Abstract

Abstract By concluding a contract, parties intend to allocate the contractual risk between them. This means that parties must anticipate any future adverse result and determine whether a party will have to cover any loss incurred by the other party as a result of performance or, more often, bad performance. In sales contracts, for example, parties may decide to exclude any liability for defects of goods, especially when selling used goods or for other reasons, or at least to limit liability for some defects or to limit types of possible claims. Similarly, in mergers and acquisitions, parties very strictly determine what is known by the seller in a disclosure letter and give the buyer access to some information in a data room prior to the conclusion of the contract to limit liability to the unknown and the non-disclosed. CA Hill/BJM Quinn/SD Sollomon, Mergers and Acquisitions, Law, Theory, and Practice (2019) 372–403; R Tschäni/H-J Diem/M Wolf (eds), M&A-Transaktionen nach Schweizer Recht (3rd edn 2021) 209–215 (paras 420–431); O Duys/K Henrich in: W Hölters (ed), Handbuch Unternehmenskauf (8th edn 2015) ch 16, paras 16.108–16.116. For each party, much of contractual drafting boils down to limiting risk to the greatest extent possible, or at least to ensure compensation for any risk incurred.
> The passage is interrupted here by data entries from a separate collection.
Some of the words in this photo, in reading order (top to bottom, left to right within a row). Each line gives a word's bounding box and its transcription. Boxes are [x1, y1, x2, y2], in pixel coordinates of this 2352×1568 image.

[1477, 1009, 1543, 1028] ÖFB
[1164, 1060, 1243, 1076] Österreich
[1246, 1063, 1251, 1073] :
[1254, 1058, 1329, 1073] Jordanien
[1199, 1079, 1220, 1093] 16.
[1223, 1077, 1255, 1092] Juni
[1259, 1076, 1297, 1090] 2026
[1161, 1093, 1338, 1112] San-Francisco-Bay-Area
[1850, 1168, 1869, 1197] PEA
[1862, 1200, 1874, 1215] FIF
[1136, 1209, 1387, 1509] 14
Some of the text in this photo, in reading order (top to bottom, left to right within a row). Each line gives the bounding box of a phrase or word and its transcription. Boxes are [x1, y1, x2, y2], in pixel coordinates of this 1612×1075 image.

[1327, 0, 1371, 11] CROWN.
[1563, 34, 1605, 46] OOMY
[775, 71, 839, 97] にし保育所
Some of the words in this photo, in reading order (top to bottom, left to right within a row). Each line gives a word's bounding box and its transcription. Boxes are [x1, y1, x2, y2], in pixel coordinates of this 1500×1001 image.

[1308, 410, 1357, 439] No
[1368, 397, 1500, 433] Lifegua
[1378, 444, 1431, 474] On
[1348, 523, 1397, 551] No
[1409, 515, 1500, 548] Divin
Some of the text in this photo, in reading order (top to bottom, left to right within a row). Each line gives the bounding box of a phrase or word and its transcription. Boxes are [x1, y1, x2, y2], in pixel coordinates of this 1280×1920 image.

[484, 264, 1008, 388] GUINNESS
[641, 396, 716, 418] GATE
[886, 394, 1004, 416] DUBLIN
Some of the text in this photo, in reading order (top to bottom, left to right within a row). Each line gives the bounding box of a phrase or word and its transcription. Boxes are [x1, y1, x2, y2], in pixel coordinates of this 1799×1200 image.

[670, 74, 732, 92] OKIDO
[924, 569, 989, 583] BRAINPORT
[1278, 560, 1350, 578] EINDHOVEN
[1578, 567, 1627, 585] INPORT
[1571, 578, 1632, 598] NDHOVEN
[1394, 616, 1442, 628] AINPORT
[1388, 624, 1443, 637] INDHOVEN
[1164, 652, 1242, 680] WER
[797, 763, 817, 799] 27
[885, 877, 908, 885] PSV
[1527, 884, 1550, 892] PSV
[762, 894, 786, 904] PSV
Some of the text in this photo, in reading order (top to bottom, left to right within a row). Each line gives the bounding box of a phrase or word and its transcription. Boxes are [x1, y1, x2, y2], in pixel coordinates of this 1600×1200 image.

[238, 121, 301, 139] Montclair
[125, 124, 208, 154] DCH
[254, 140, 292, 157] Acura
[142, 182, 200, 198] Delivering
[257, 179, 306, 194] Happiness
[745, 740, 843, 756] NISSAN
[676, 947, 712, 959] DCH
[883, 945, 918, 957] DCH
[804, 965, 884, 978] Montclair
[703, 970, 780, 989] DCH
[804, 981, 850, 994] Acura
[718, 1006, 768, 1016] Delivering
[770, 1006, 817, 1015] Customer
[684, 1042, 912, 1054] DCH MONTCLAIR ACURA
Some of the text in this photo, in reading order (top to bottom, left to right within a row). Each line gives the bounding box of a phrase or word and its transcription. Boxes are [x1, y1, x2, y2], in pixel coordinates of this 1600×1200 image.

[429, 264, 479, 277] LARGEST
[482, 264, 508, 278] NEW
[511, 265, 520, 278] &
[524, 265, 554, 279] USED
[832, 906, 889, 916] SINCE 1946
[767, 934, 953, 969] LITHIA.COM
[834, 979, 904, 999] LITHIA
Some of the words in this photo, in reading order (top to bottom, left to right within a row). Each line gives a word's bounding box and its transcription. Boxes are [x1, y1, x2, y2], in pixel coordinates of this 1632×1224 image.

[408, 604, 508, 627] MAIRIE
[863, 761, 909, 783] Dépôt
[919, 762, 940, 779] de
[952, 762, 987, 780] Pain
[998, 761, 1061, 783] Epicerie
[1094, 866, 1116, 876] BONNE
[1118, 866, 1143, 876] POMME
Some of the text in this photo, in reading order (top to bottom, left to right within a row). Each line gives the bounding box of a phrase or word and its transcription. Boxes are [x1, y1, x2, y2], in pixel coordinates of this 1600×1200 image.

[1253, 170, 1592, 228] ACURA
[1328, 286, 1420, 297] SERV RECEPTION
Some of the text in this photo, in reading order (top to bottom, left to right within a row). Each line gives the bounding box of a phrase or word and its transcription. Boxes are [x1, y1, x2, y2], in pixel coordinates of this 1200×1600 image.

If parties are on an equal footing, this may lead to an equitable allocation of risk and a balanced contractual liability regime. Contractual limitations of liability are, therefore, part of this process of adequate allocation of risks. In this contribution, I will briefly address three issues. First, I will look at which principles are applicable to the validity of limitations of contractual liability (I) and then determine to what extent these principles apply to tort claims (II). This will finally lead me to determine whether the Principles of European Tort Law (PETL) need to be supplemented by a further rule dealing with the validity of contractual clauses limiting liability in tort (III).